The Sun and The Sundarban

In the famous jungles of eastern India, the Sundarban, the sun is making news. The home of the Royal Bengal Tiger has become a fertile ground for use of solar and other renewable forms of energy. In recent years, the abundance of sunshine in this region  has been reflecting itself in a proliferation of technologies using the sun’s power.

Among 102 odd islands that stand today, about 54 are inhabited,  Erosion is a major concern in maintaining the ecological balance that sustains the livelihoods of many. Earth scientists fear that global warming could submerge a major part of the wetland. The supply of electricity through the renewable sources of energy has the potential to enhance the income of local people, who live under constant threat from crocodiles in water and tigers on land. The language spoken is Bengali and the source of living for them is fishing, woodcutting, and honey collecting. To save themselves from tiger attacks, they have used their earthy sense—they wear masks of human faces at the back of their heads to scare tigers away.

Lighting through Solar Energy


The market for solar-operated electricity grew incrementally catering to all sections of the society in this strange land. First came stand-alone solar-operated lights more than a decade ago. Then came homelighting systems, which offer not just lights for homes at night but also facilitate the functioning of other home devices like television and fans. Today the Sundarban have solar and other renewable energy set-ups that provide electricity to the entire village from a single production source. Accepting solar energy can reduce the use of fossil fuels like diesel and kerosene, also arrest the harmful effects that these fuels afflict on the health of the people and environment.


Among the major spots of solar energy implantation is Sagar Island in the Sundarbans. Life on this island changed forever after the Ministry of Non-conventional Energy Sources identified it as one of the priority areas for the SPV (solar photovoltaic) programme. Almost half of its villages are electrified through SPV. More than 50% of the total electricity consumed today in Sagar is generated through solar energy benefiting around 1400 families. The first 26-kWp power plant that was commissioned in February 1996 at Kamalpur village had only 19 consumers. Eight such plants operate today serving 850 consumers in 15 villages. A part of the drinking water supply scheme of the island is also energized through these power plants. The soft loan assistance from IREDA under the World Bank Market Development Programme enabled the setting up of six such plants. Best of all, the solar power plants are being operated on a commercial basis through the local rural electric co-operatives. An initial payment of Rs 1000 has to be made for a connection from the power plant. Monthly tariffs range from Rs 120 for a 100 W to Rs 1200 for a 1000 W load, thus catering to both domestic as well as small commercial ventures. Power is available for five hours daily.
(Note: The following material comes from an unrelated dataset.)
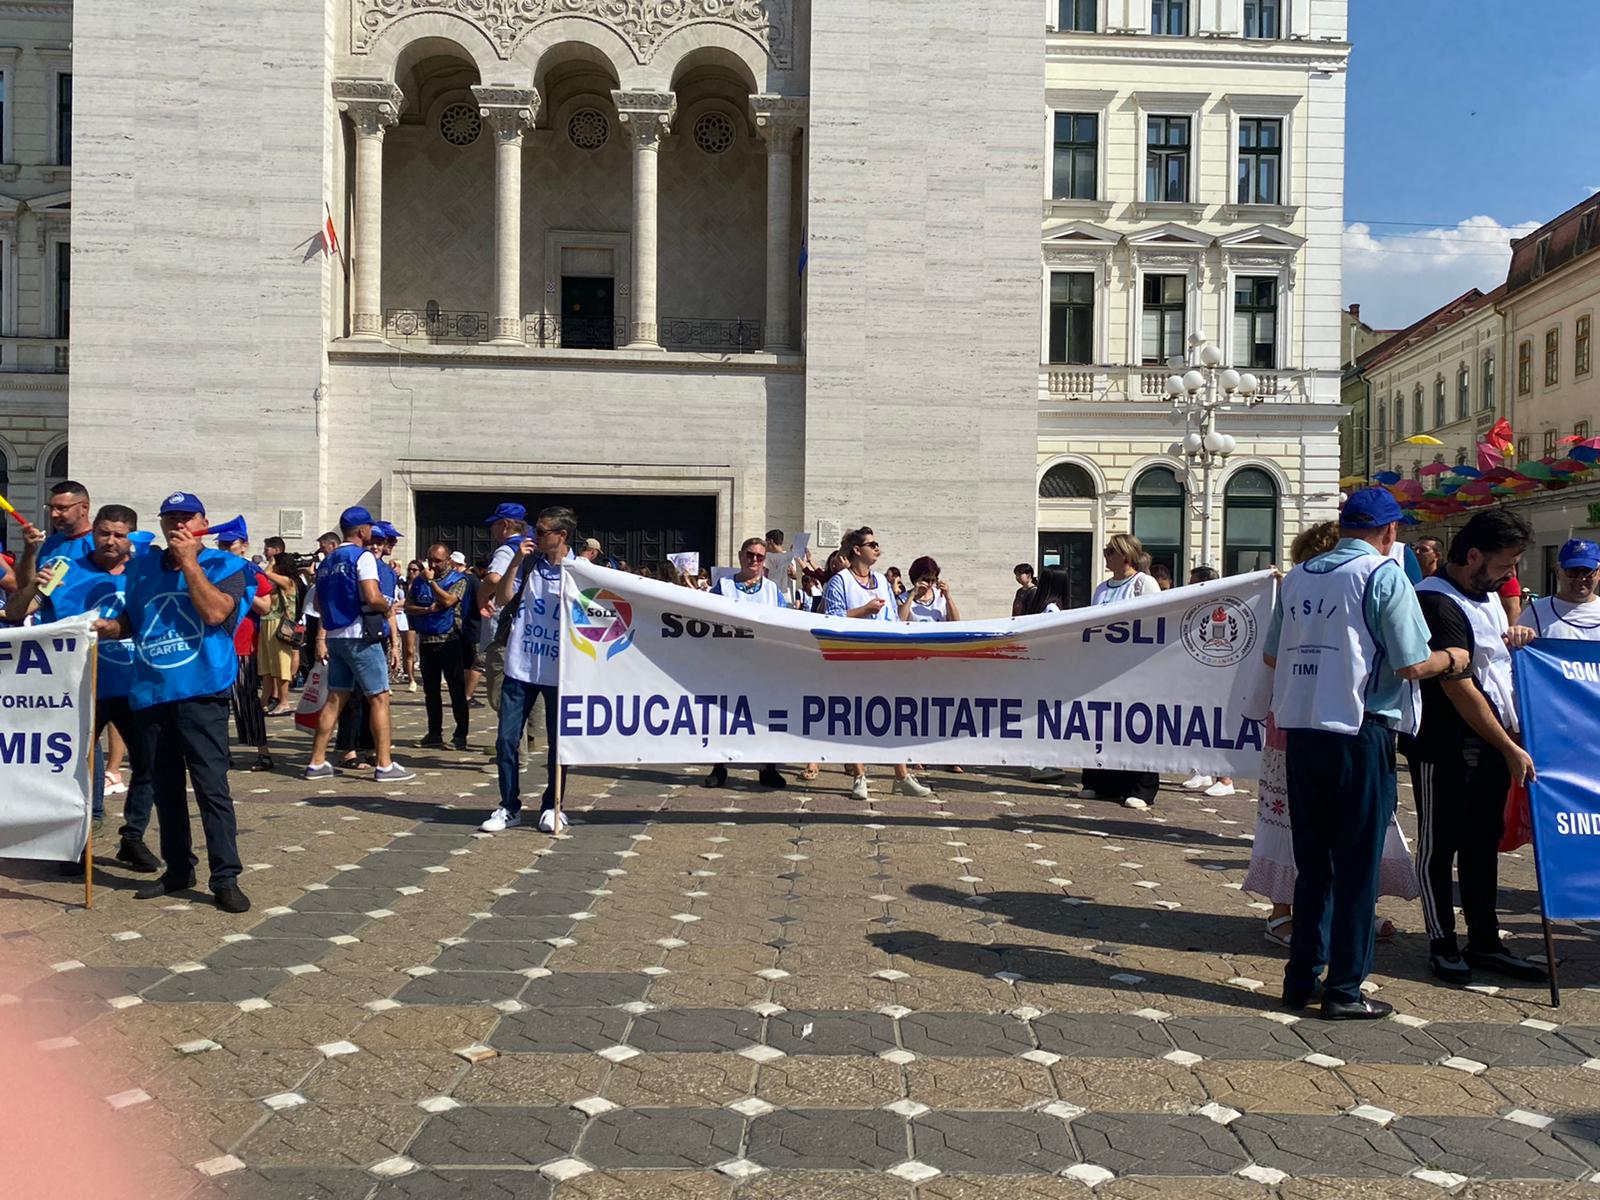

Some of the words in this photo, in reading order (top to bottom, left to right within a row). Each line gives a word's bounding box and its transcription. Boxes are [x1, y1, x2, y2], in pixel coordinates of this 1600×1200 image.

The impact of renewable energy on the lives of the people is palpable. A study entitled Ramakrishna Mission Initiative Impact Study for National Renewable Energy Laboratory, Colorado, USA undertaken by TERI in 2000, says, ‘Consumption of kerosene, which was the only source of lighting in the households prior to solar lighting systems, has been reduced by 7 litres per month on an average. The less use of kerosene minimizes the indoor pollution and prevents the diseases related with it too. Above all, they cause neither air, noise or water pollution. These boats may not just make tourists happier, but also be relatively benign to nature. The sun, it seems, more than shines in the Sundarban.